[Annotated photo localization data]
--- START ---

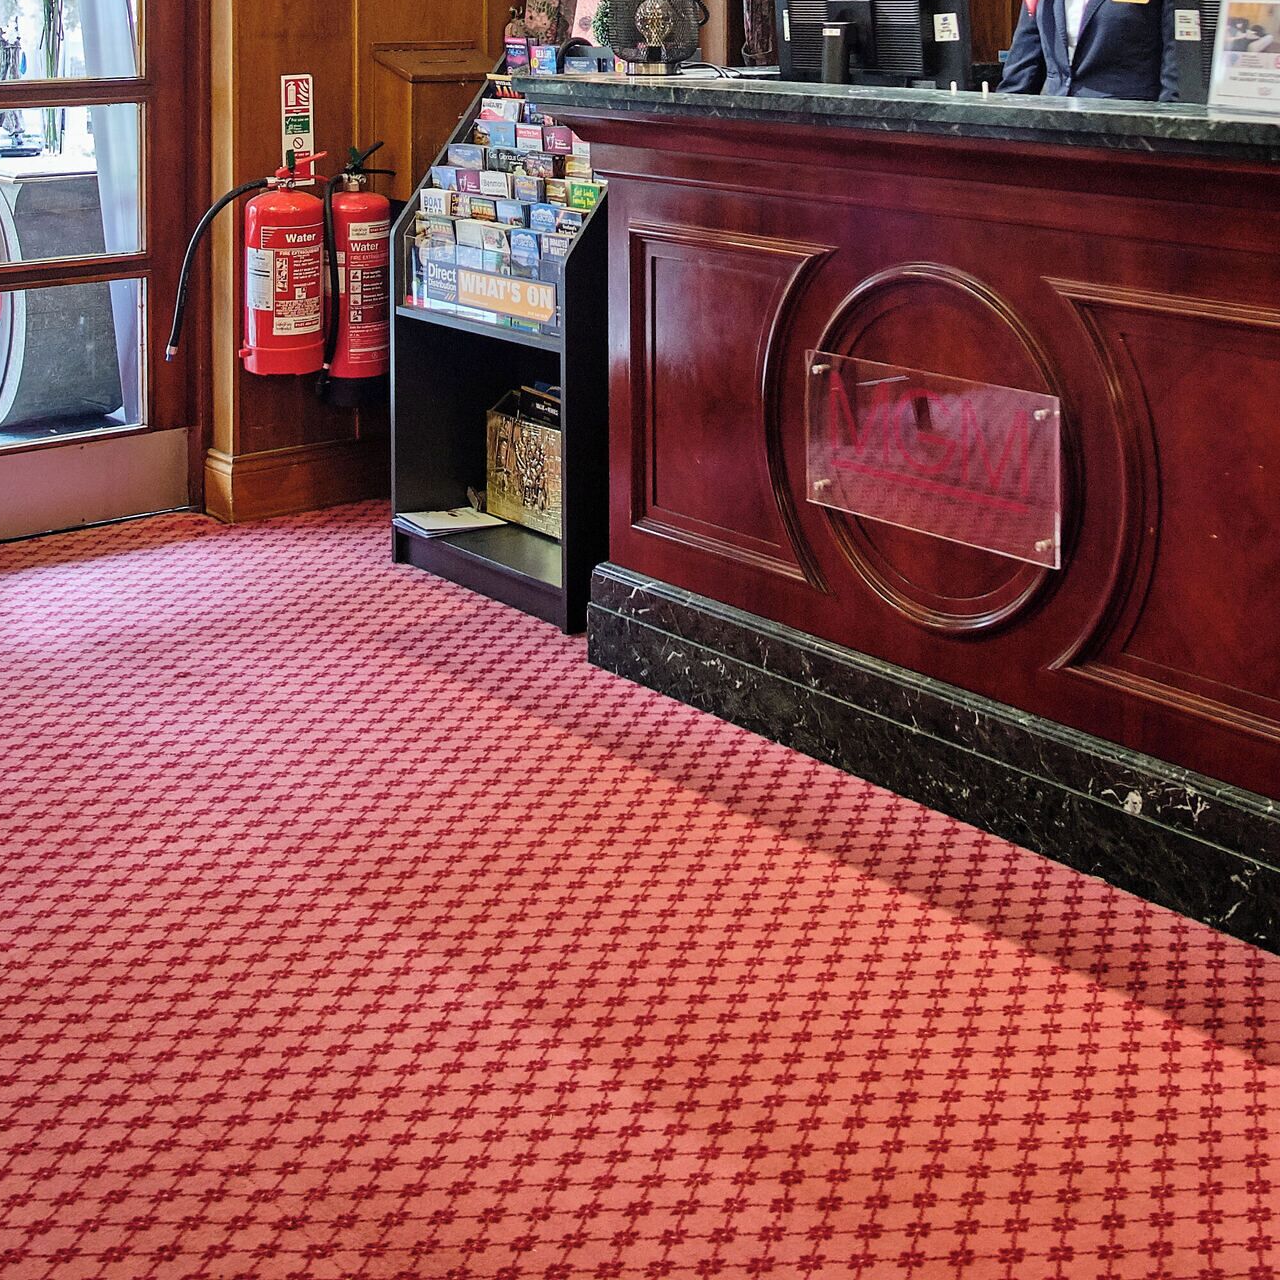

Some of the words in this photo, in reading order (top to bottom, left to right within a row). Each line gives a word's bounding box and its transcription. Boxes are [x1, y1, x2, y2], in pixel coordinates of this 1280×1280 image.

[423, 195, 443, 209] BOAT
[284, 233, 317, 243] Water
[350, 242, 379, 252] Water
[428, 261, 457, 283] Direct
[428, 279, 457, 292] Distribution
[460, 270, 522, 304] WHAT'S
[526, 285, 554, 310] ON
[827, 370, 1031, 498] MGM
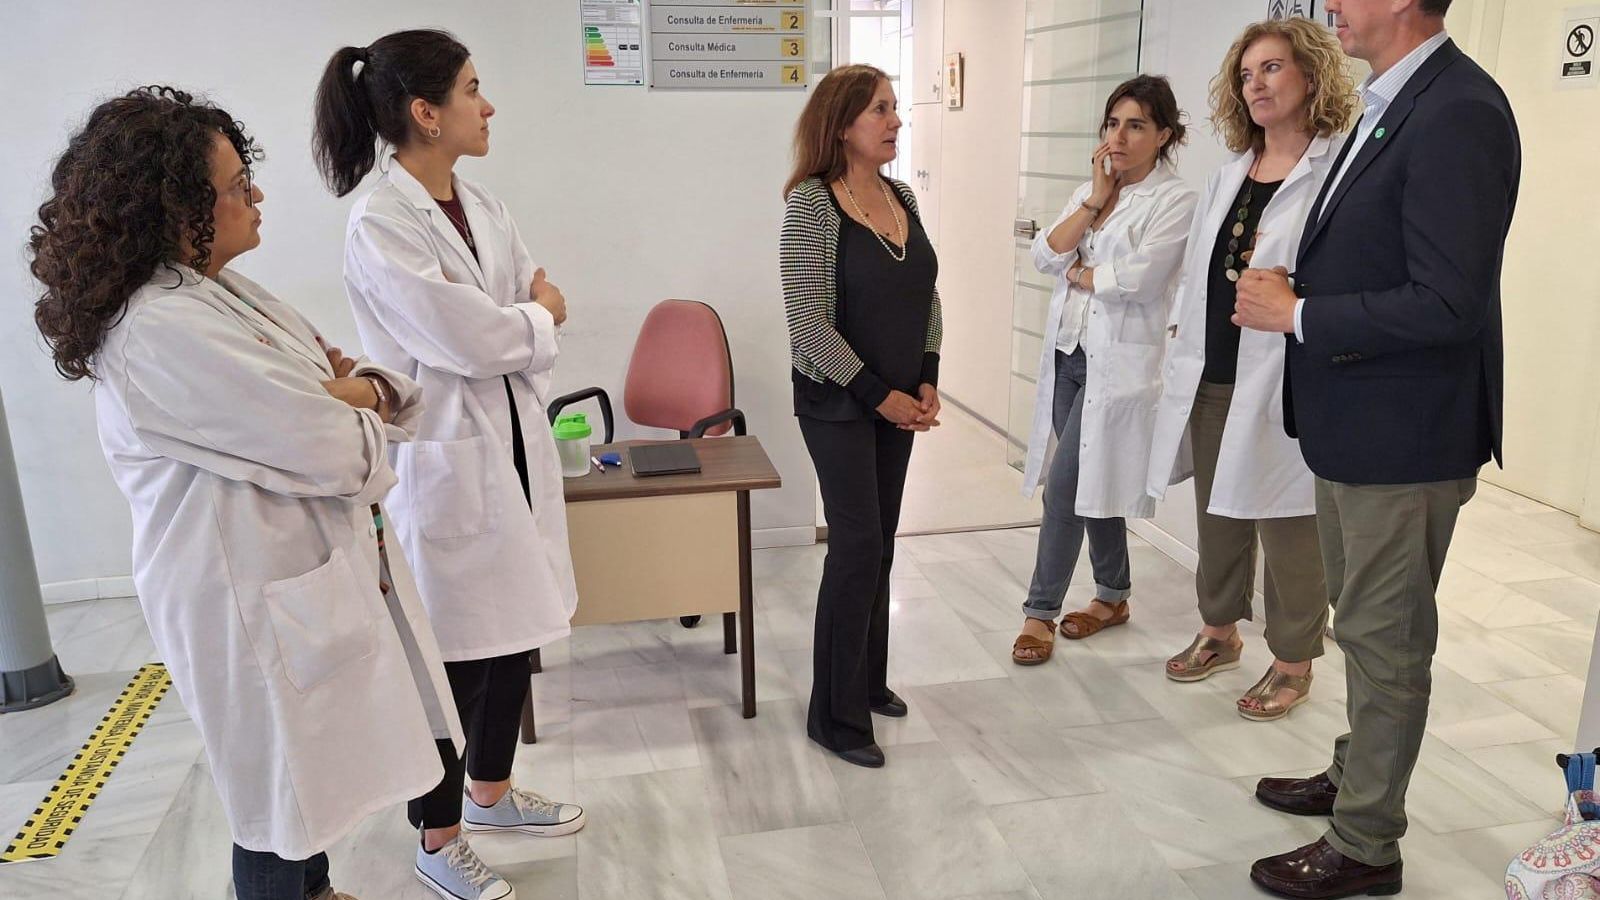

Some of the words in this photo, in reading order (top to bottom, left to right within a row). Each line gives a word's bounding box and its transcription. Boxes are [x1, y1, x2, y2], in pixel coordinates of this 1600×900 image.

[667, 15, 705, 25] Consulta
[706, 15, 716, 25] de
[790, 15, 799, 30] 2
[668, 42, 704, 52] Consulta
[707, 41, 736, 52] Médica
[790, 42, 799, 56] 3
[669, 69, 705, 79] Consulta
[708, 69, 718, 79] de
[790, 69, 799, 83] 4
[105, 701, 145, 738] MANTENGA
[99, 738, 120, 748] LA
[70, 748, 112, 787] DISTANCIA
[61, 788, 85, 799] DE
[26, 800, 76, 849] SEGURIDAD

--- END ---

■ **Instructions to follow**:
Strip the images and reproduce the remaining records precisely.

■ **Expected answer**:
Some of the words in this photo, in reading order (top to bottom, left to right within a row). Each line gives a word's bounding box and its transcription. Boxes are [x1, y1, x2, y2], in pixel coordinates of this 1280×1280 image.

[423, 195, 443, 209] BOAT
[284, 233, 317, 243] Water
[350, 242, 379, 252] Water
[428, 261, 457, 283] Direct
[428, 279, 457, 292] Distribution
[460, 270, 522, 304] WHAT'S
[526, 285, 554, 310] ON
[827, 370, 1031, 498] MGM

Some of the words in this photo, in reading order (top to bottom, left to right within a row). Each line gives a word's bounding box and its transcription. Boxes are [x1, y1, x2, y2], in pixel coordinates of this 1600×900 image.

[667, 15, 705, 25] Consulta
[706, 15, 716, 25] de
[790, 15, 799, 30] 2
[668, 42, 704, 52] Consulta
[707, 41, 736, 52] Médica
[790, 42, 799, 56] 3
[669, 69, 705, 79] Consulta
[708, 69, 718, 79] de
[790, 69, 799, 83] 4
[105, 701, 145, 738] MANTENGA
[99, 738, 120, 748] LA
[70, 748, 112, 787] DISTANCIA
[61, 788, 85, 799] DE
[26, 800, 76, 849] SEGURIDAD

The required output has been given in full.